Top of SUPPLIED RECORDS

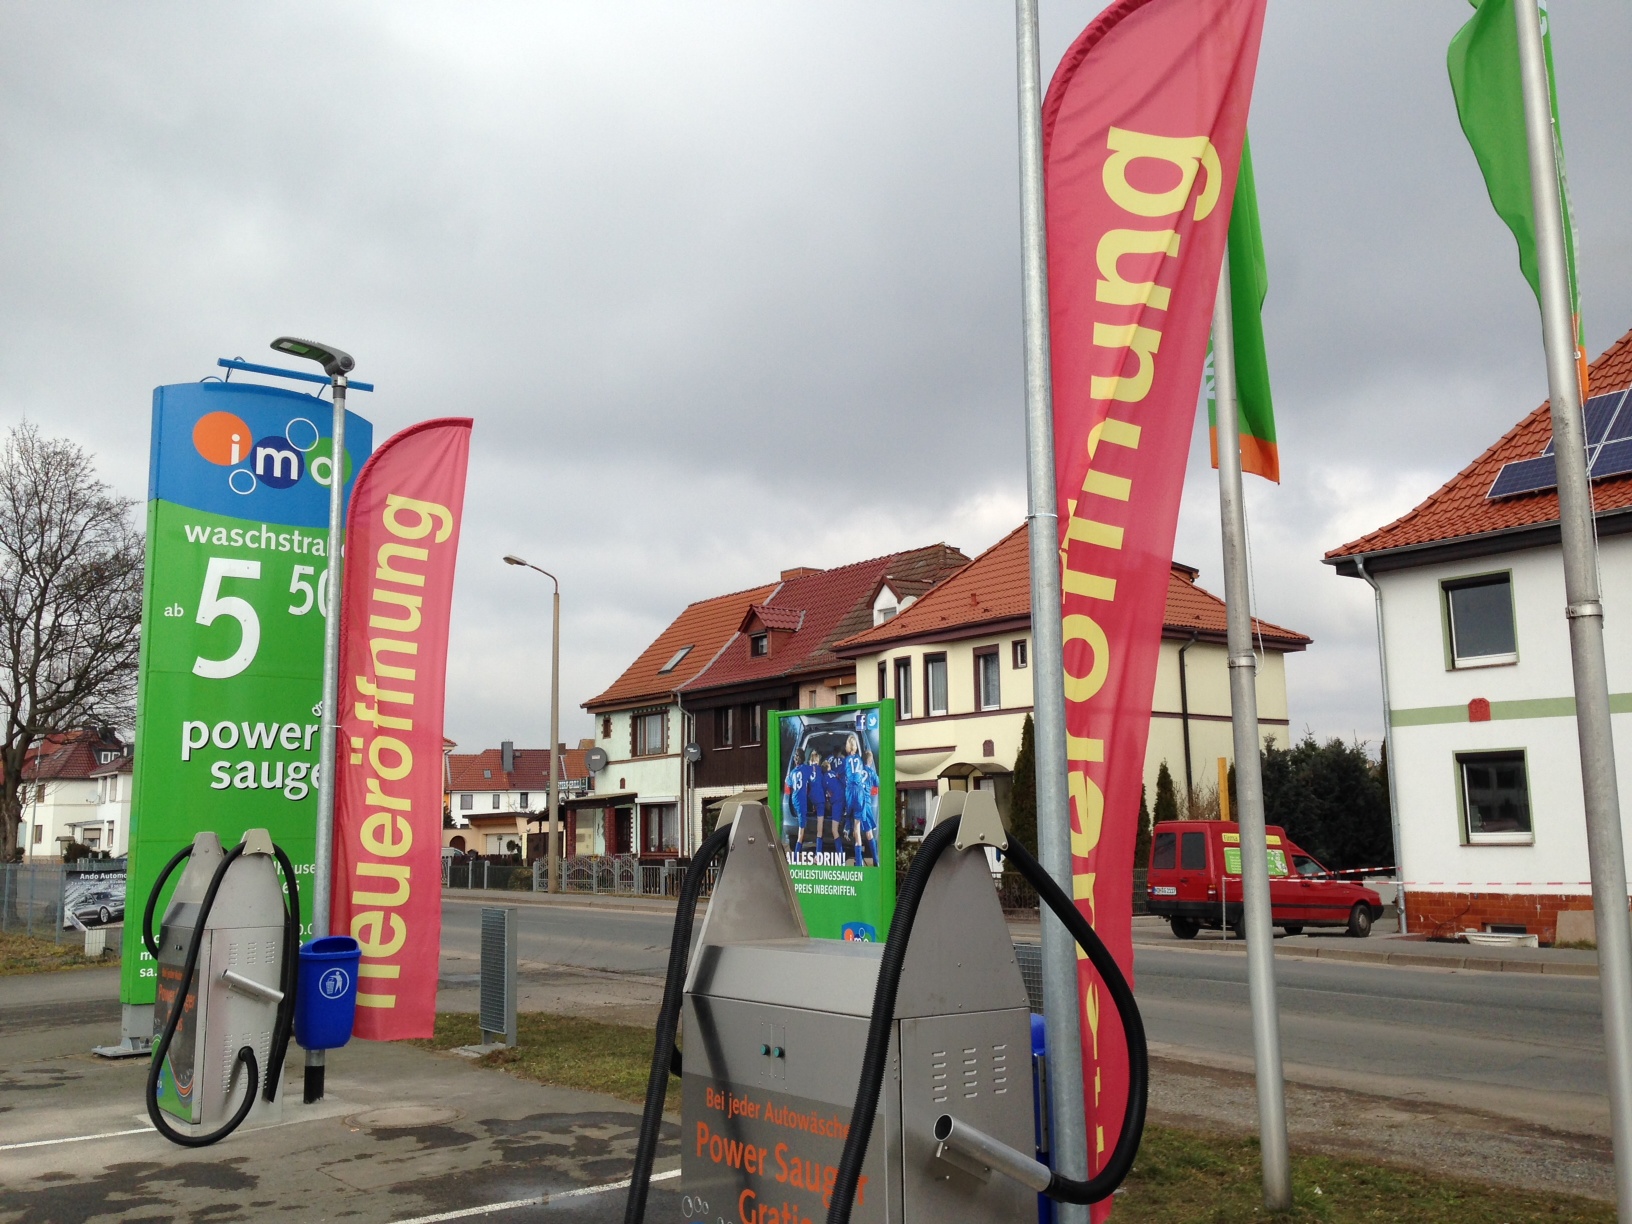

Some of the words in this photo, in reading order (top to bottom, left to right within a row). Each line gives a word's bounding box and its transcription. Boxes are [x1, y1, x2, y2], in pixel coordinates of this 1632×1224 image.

[230, 433, 333, 486] imo
[184, 524, 345, 558] waschstra
[163, 603, 184, 618] ab
[191, 557, 261, 679] 5
[181, 718, 319, 761] power
[349, 493, 454, 1009] neueröffnung
[786, 851, 813, 866] ALLES
[816, 851, 846, 867] DRIN!
[790, 869, 863, 882] OCHLEISTUNGSSAUGEN
[794, 883, 813, 894] PREIS
[813, 884, 857, 897] INBEGRIFFEN.
[139, 967, 158, 979] sa.
[706, 1087, 725, 1111] Bei
[728, 1091, 761, 1119] jeder
[696, 1121, 768, 1176] Power
[774, 1142, 869, 1210] Saugr
[739, 1188, 813, 1224] Grati

Bottom of SUPPLIED RECORDS

Skip the pictures, then retype every line above exactly.

Some of the words in this photo, in reading order (top to bottom, left to right within a row). Each line gives a word's bounding box and its transcription. Boxes are [x1, y1, x2, y2], in pixel coordinates of this 1632×1224 image.

[230, 433, 333, 486] imo
[184, 524, 345, 558] waschstra
[163, 603, 184, 618] ab
[191, 557, 261, 679] 5
[181, 718, 319, 761] power
[349, 493, 454, 1009] neueröffnung
[786, 851, 813, 866] ALLES
[816, 851, 846, 867] DRIN!
[790, 869, 863, 882] OCHLEISTUNGSSAUGEN
[794, 883, 813, 894] PREIS
[813, 884, 857, 897] INBEGRIFFEN.
[139, 967, 158, 979] sa.
[706, 1087, 725, 1111] Bei
[728, 1091, 761, 1119] jeder
[696, 1121, 768, 1176] Power
[774, 1142, 869, 1210] Saugr
[739, 1188, 813, 1224] Grati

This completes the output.